Dr. Eduardo Sanchez is the American Heart Association’s chief medical officer for prevention and a former state health commissioner of Texas. He has dealt with major public health crises, including the SARS outbreak. In this occasional series, he’ll break down various topics related to the coronavirus pandemic.
When a communicable disease outbreak begins, the ideal response is for public health officials to begin testing for it early.
That leads to quick identification of cases, quick treatment for those people and immediate isolation to prevent spread. Early testing also helps to identify anyone who came into contact with infected people so they too can be quickly treated.
While we are obviously not in that ideal situation with COVID-19, testing remains critical.
It’s crucial of course to help treat, isolate or hospitalize people who are infected.
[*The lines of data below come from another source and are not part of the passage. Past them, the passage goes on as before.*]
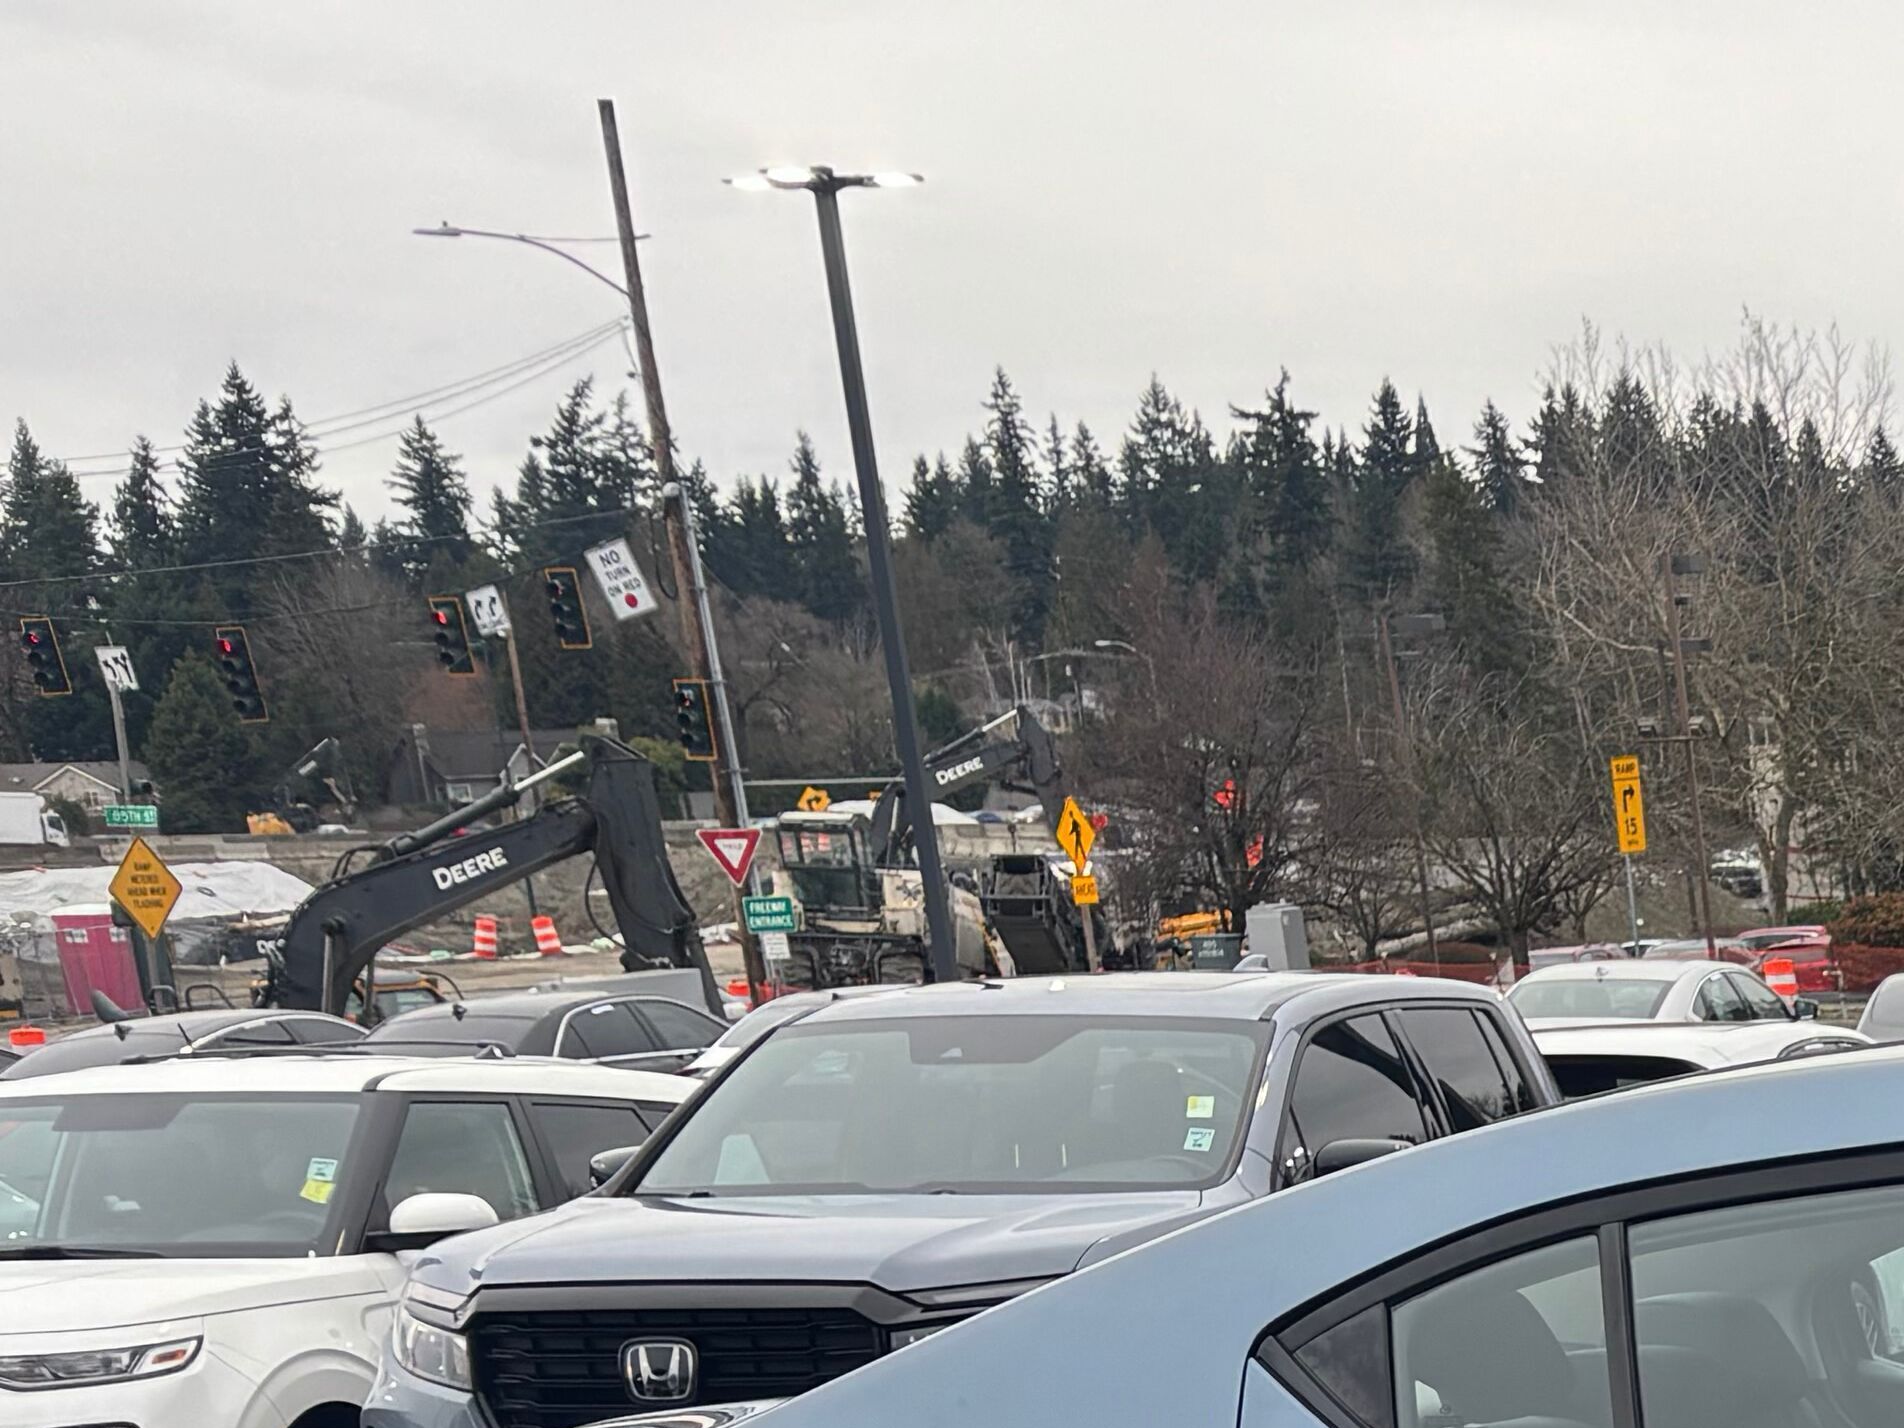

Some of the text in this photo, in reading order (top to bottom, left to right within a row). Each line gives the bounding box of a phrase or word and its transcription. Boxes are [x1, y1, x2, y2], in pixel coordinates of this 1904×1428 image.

[599, 549, 621, 568] NO
[605, 565, 631, 581] TURN
[607, 583, 623, 598] ON
[935, 756, 984, 785] DEERE
[1625, 817, 1638, 836] 15
[432, 846, 509, 891] DEERE
Testing also is important in the bigger public health picture on mitigation efforts, helping investigators characterize the prevalence, spread and contagiousness of the disease.
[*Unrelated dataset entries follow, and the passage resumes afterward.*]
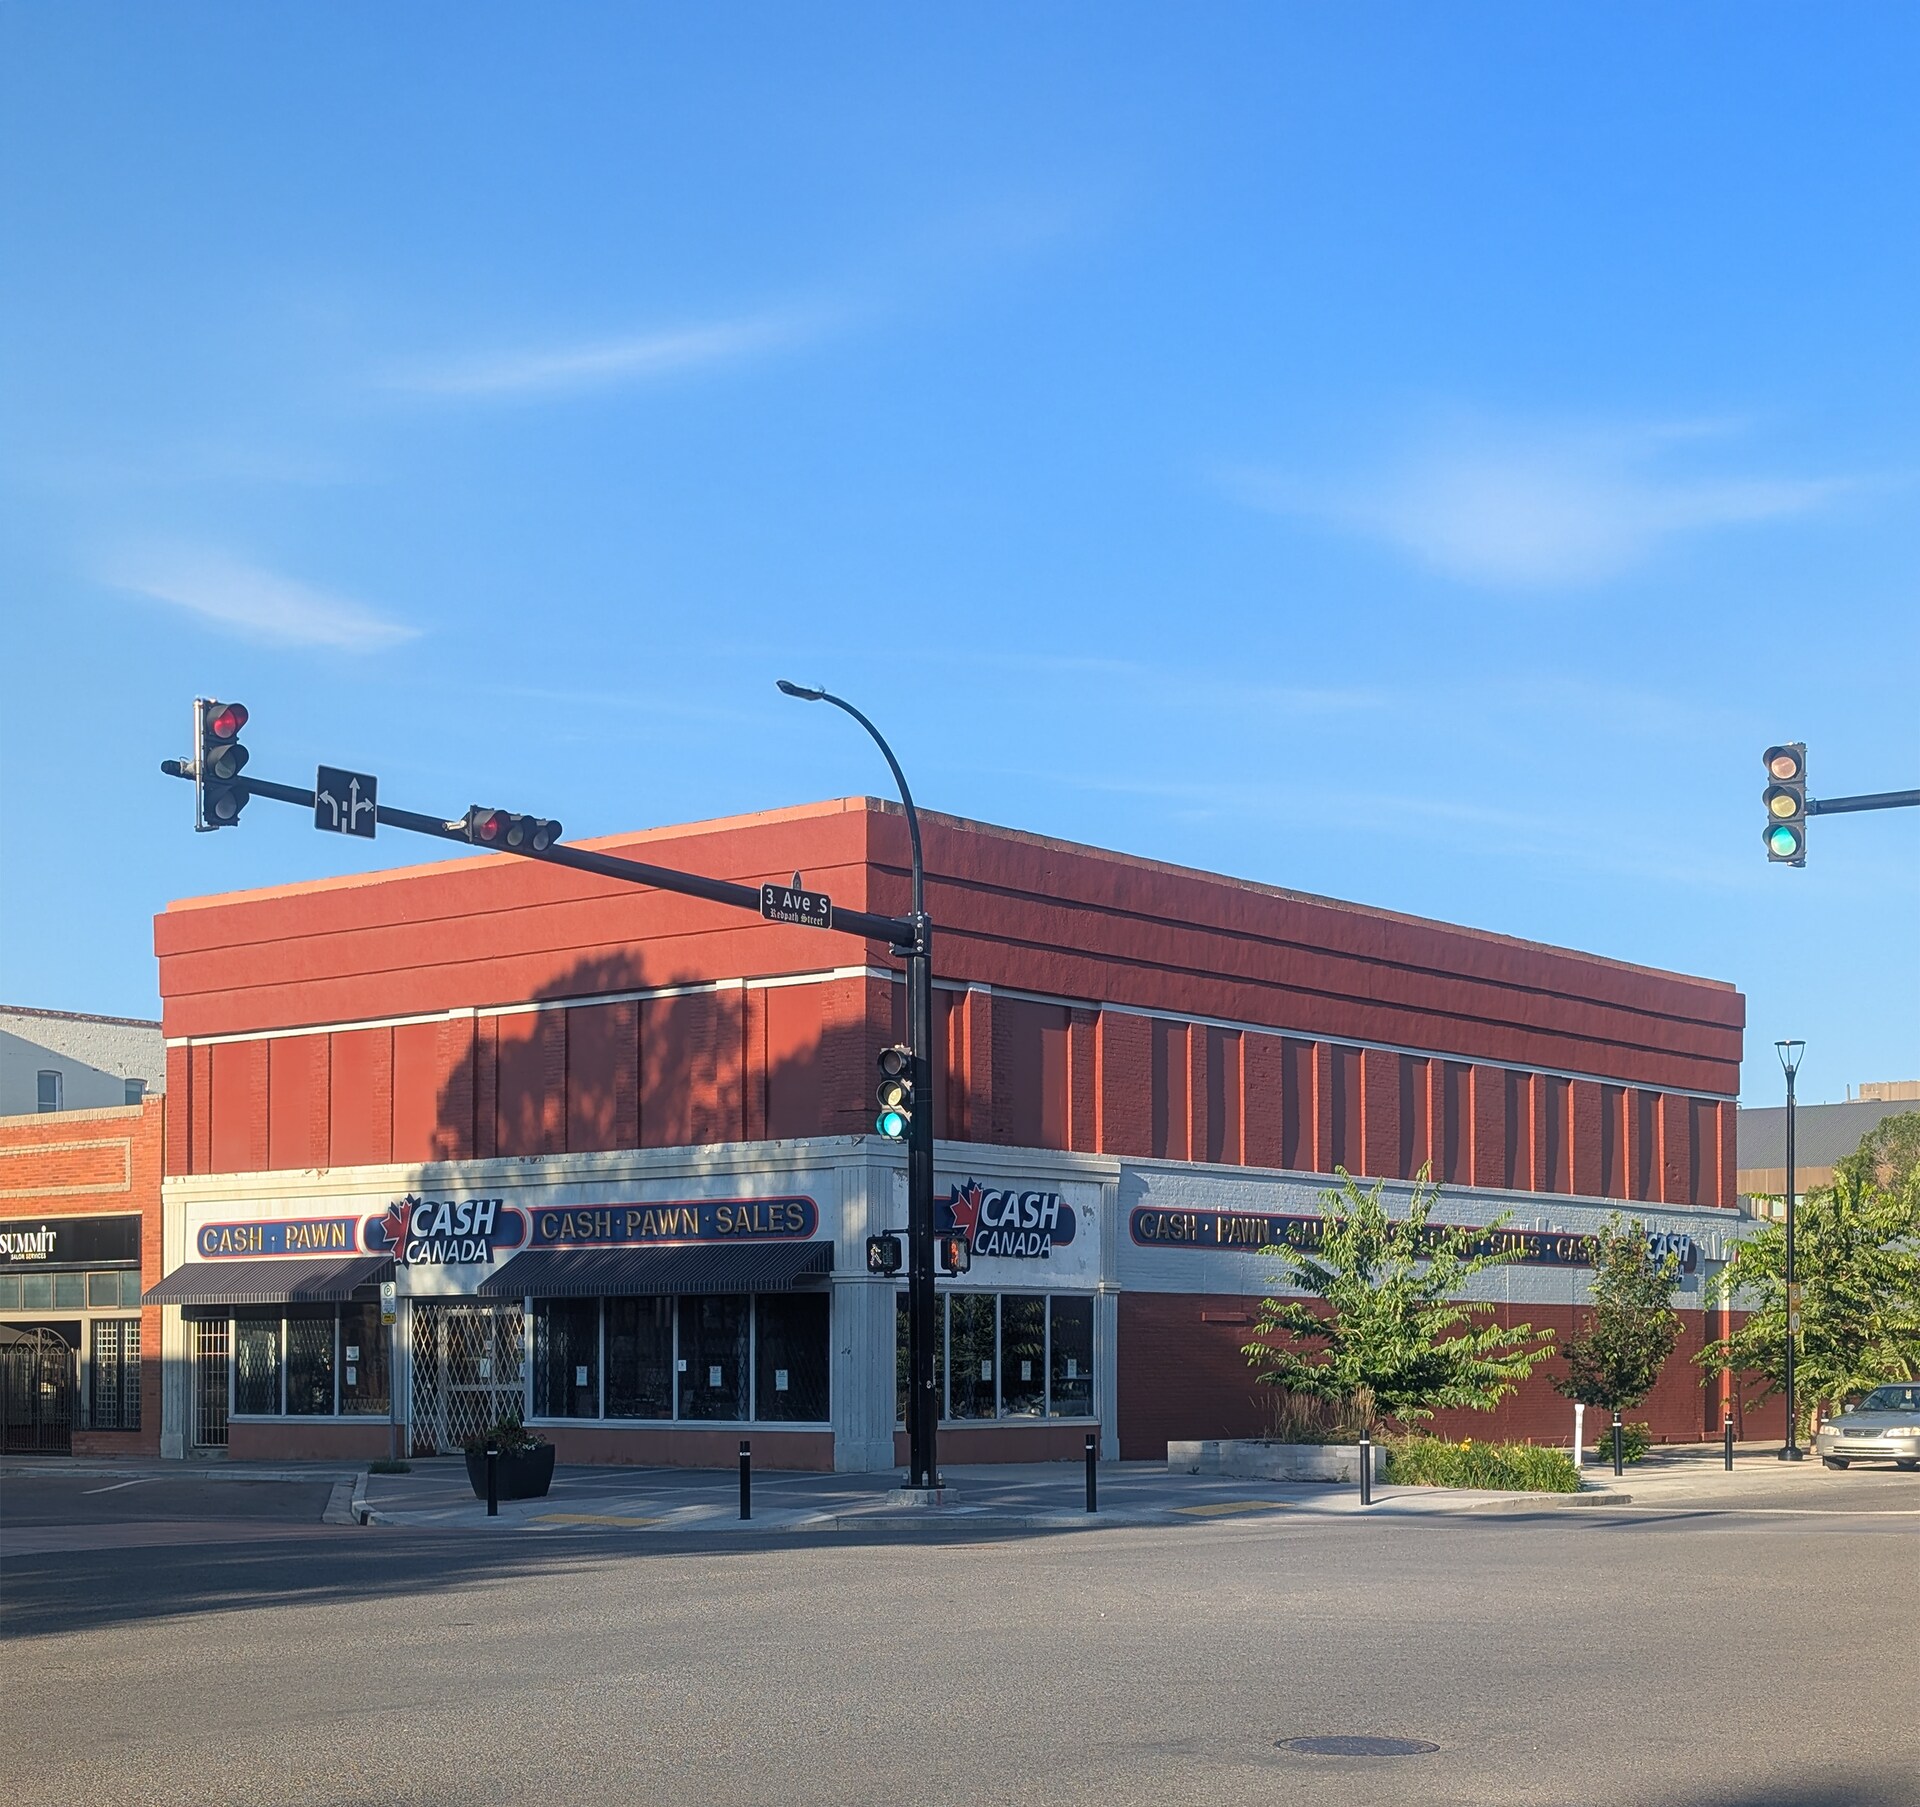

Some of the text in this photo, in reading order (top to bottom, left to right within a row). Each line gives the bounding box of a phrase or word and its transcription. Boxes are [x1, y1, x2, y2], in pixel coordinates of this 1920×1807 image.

[765, 888, 828, 914] 3 Ave S
[770, 908, 824, 926] Redpath Street
[410, 1201, 496, 1237] CASH
[541, 1202, 804, 1240] CASH PAWN SALES
[981, 1191, 1060, 1230] CASH
[202, 1222, 346, 1252] CASH PAWN
[1139, 1212, 1198, 1241] CASH
[1217, 1216, 1271, 1244] PAWN
[406, 1239, 488, 1263] CANADA
[974, 1230, 1052, 1256] CANADA
[1646, 1233, 1691, 1262] CASH
In comparison to China and South Korea, testing in the United States appears to have been insufficient for optimal early containment. And now we’re seeing a rapid rise in hospitalizations that is overwhelming public health systems and clinical care systems.
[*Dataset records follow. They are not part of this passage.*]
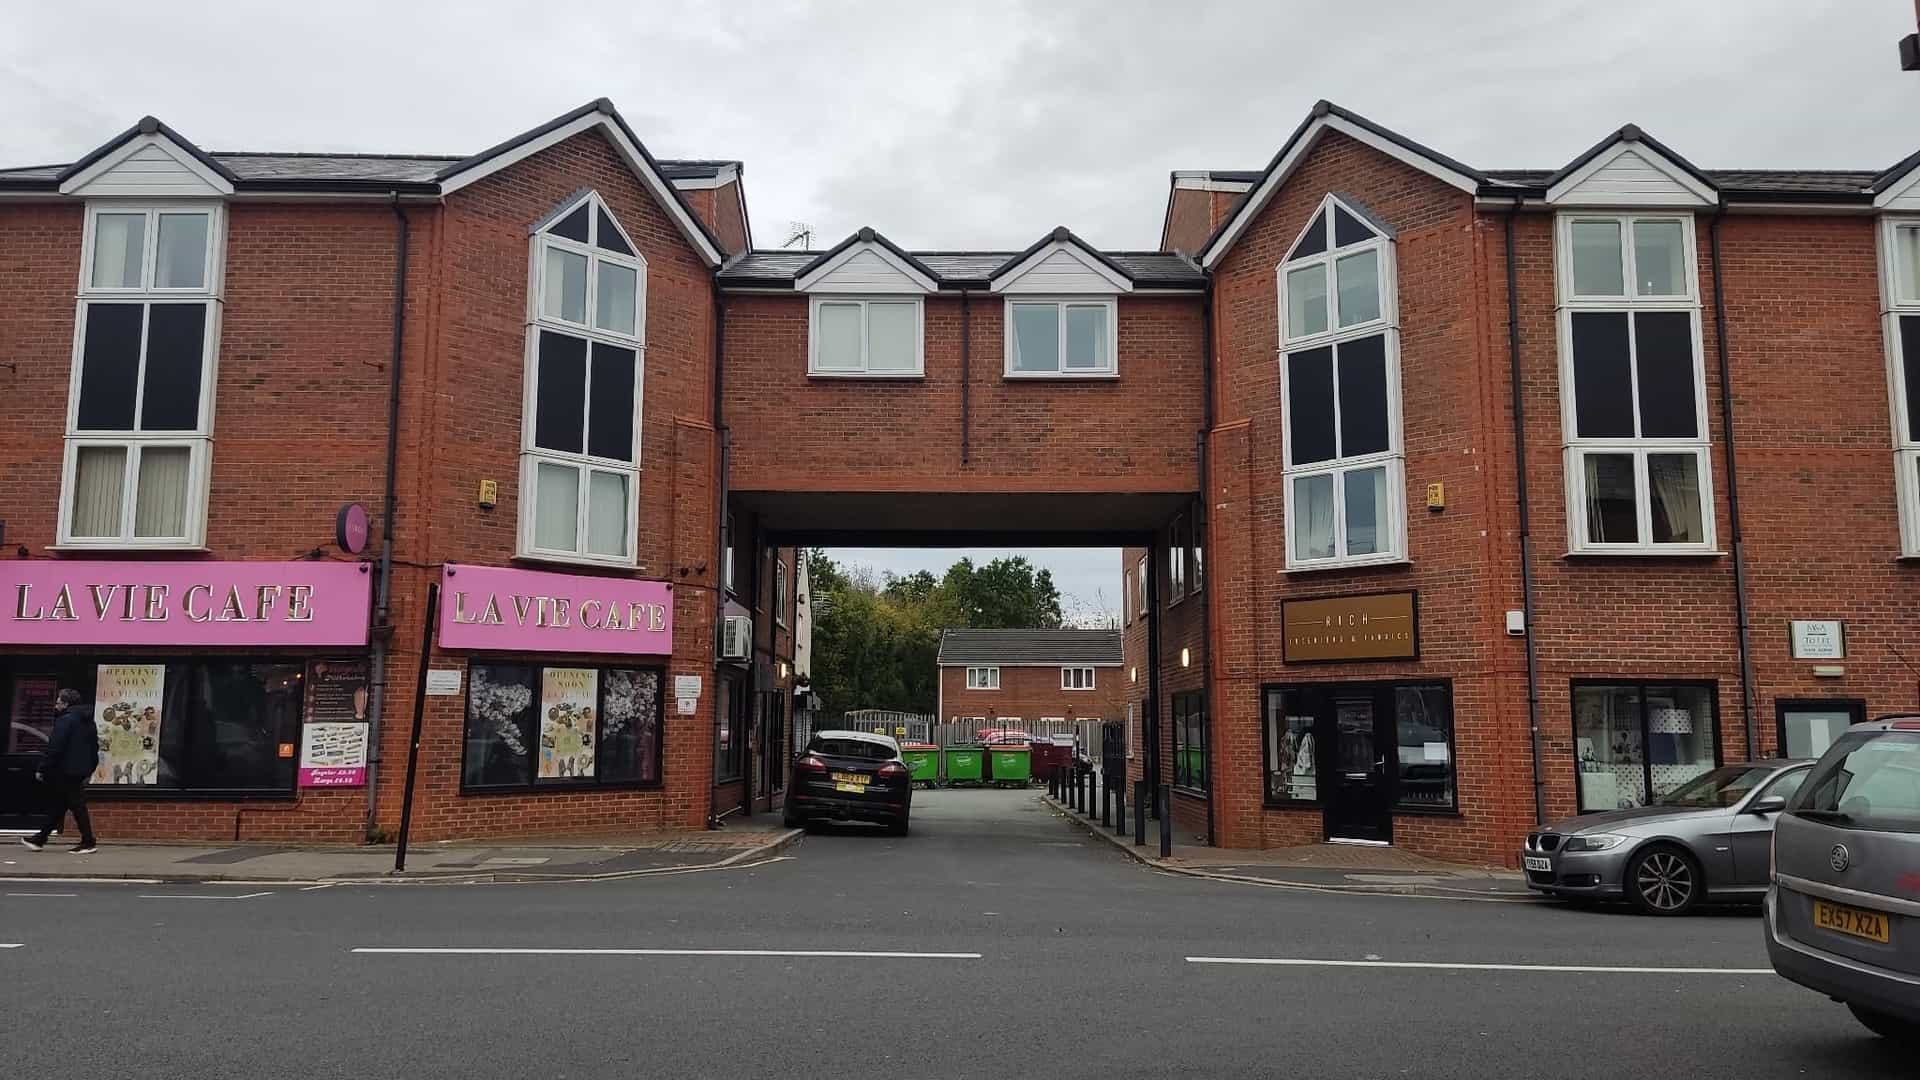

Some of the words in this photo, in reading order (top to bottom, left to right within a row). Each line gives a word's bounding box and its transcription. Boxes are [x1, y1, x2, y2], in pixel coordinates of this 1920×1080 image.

[11, 584, 80, 621] LA
[85, 584, 169, 622] VIE
[182, 584, 314, 622] CAFE
[453, 591, 505, 625] LA
[509, 594, 572, 628] VIE
[579, 599, 666, 632] CAFE
[1326, 613, 1368, 627] RICH
[1364, 632, 1409, 641] FABRICS
[550, 671, 593, 680] OPENING
[1820, 904, 1851, 929] EX57
[1856, 912, 1882, 938] XZA
These systems, lacking vital equipment to test and provide timely results and staff to address “positives,” are now bracing for more and more critically ill patients in the coming days and weeks.
A big part of the problem is the inability to conduct “contact investigations.” These investigations involve figuring out everyone an infected person may have been in contact with. This requires a lot of time and labor – two resources that just aren’t available in a strained system. It’s easy to see how quickly cases can spread without information from contact investigations.
Another important kind of test is one that determines if a person has already had COVID-19. When a person is infected with a novel virus such as SARS-CoV-2 (the scientific name for this specific coronavirus), the person’s immune system has never “seen” that virus before. As the virus reproduces, it causes manifestations of disease – fever, cough and so on – and triggers an immune response.